I don't know what to think, neither what to test next. I don't see anything wrong in the code.

@frerich
Copy link
Owner

frerich commented Oct 13, 2017

Based on PRB: Child Inherits Unintended Handles During CreateProcess Call my reading is that this is an issue with how Python 3.3 launches processes. The desired sequence of events when calling invokeRealCompiler is this:

  1. Thread 1 creates pipes for stdout/stderr
  2. Thread 1 creates a new subprocess
  3. Thread 2 creates pipes for stdout/stderr
  4. Thread 2 creates a new subprocess

...and then clcache waits for all subprocesses in parallel. However, there doesn't seem to be a lock around the section which creates the pipes and then creates the process. As a consequence, this sequence is possible:

  1. Thread 1 creates pipes for stdout/stderr
  2. Thread 2 creates pipes for stdout/stderr
  3. Thread 1 creates a new subprocess
  4. Thread 2 creates a new subprocess

The consequence of this is that the process launched by 'Thread 1' will inherit the pipe handles which were meant to be used by the new process launched in 'Thread 2'. Hence, when the process launched by 'Thread 2' terminates but the process launched by 'Thread 1' is still running, clcache cannot close the handles (or delete the files) related to 'Thread 2' since 'Thread 1' still has them open.

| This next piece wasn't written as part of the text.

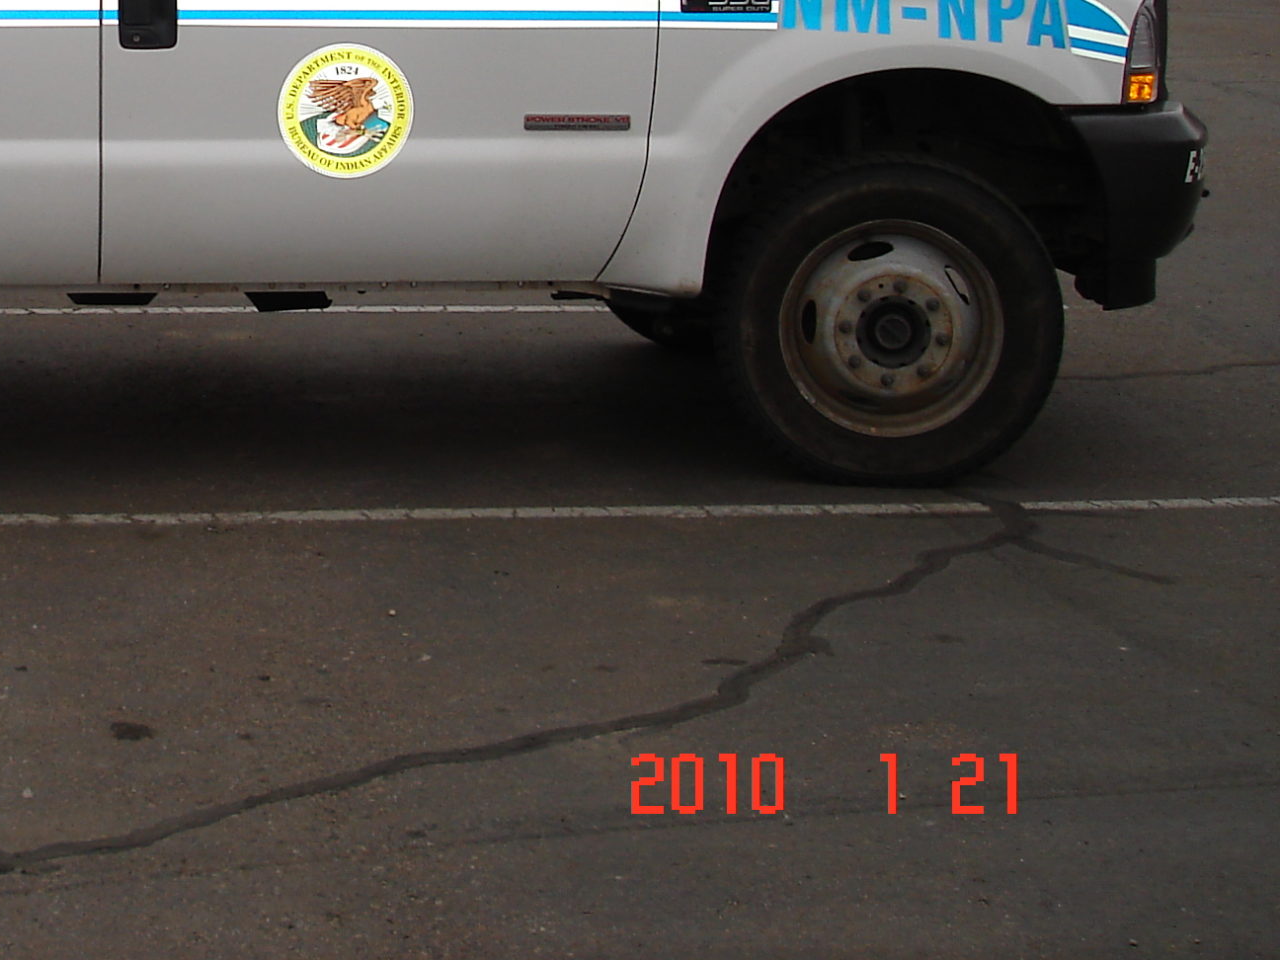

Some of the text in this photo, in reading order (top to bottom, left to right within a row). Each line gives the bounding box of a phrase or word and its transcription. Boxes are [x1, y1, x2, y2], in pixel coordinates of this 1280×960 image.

Based on my reading of the Popen constructor, I suspect it might help to

  1. Create the files to pipe into such that the handles are not inheritable (there's some suggested code which should do this) and
  2. Synchronise all calls to the Popen constructor call using a common lock

A comment mentioned that these two steps solve the problem with Python 3.3 (though the proposed way to clear the 'inheritable' flag on the file descriptors depends on win32api).

@frerich
Copy link
Owner

frerich commented Oct 13, 2017

Maybe something like this works (untested, I don't have a Windows machine at hand right now):

diff --git a/clcache.py b/clcache.py
index 860c28d..333c406 100644
--- a/clcache.py
+++ b/clcache.py
@@ -17,6 +17,7 @@ import errno
 import hashlib
 import json
 import multiprocessing
+import msvcrt
 import os
 import pickle
 import re
@@ -31,6 +32,7 @@ VERSION = "4.1.0-dev"
 HashAlgorithm = hashlib.md5
 
 OUTPUT_LOCK = threading.Lock()
+PROCESS_LOCK = threading.Lock()
 
 # try to use os.scandir or scandir.scandir
 # fall back to os.listdir if not found
@@ -67,6 +69,7 @@ BASEDIR_REPLACEMENT = '?'
 # Define some Win32 API constants here to avoid dependency on win32pipe
 NMPWAIT_WAIT_FOREVER = wintypes.DWORD(0xFFFFFFFF)
 ERROR_PIPE_BUSY = 231
+HANDLE_FLAG_INHERIT = 1
 
 # ManifestEntry: an entry in a manifest file
 # `includeFiles`: list of paths to include files, which this source file uses
@@ -1324,13 +1327,25 @@ def invokeRealCompiler(compilerBinary, cmdLine, captureOutput=False, outputAsStr
     if captureOutput:
         # Don't use subprocess.communicate() here, it's slow due to internal
         # threading.
-        with TemporaryFile() as stdoutFile, TemporaryFile() as stderrFile:
+        with PROCESS_LOCK:
+            stdoutFile = TemporaryFile()
+            stderrFile = TemporaryFile()
+
+            # Make temporary file handles non-inheritable
+            windll.kernel32.SetHandleInformation(msvcrt.get_osfhandle(stdoutFile.fileno()), HANDLE_FLAG_INHERIT, 0)
+            windll.kernel32.SetHandleInformation(msvcrt.get_osfhandle(stderrFile.fileno()), HANDLE_FLAG_INHERIT, 0)
+
             compilerProcess = subprocess.Popen(realCmdline, stdout=stdoutFile, stderr=stderrFile, env=environment)
+
+        try:
             returnCode = compilerProcess.wait()
             stdoutFile.seek(0)
             stdout = stdoutFile.read()
             stderrFile.seek(0)
             stderr = stderrFile.read()
+        finally:
+            stdoutFile.close()
+            stderrFile.close()
     else:
         returnCode = subprocess.call(realCmdline, env=environment)
 

@siu
Copy link
Contributor Author

siu commented Oct 13, 2017

Great, thanks for deciphering the problem ;)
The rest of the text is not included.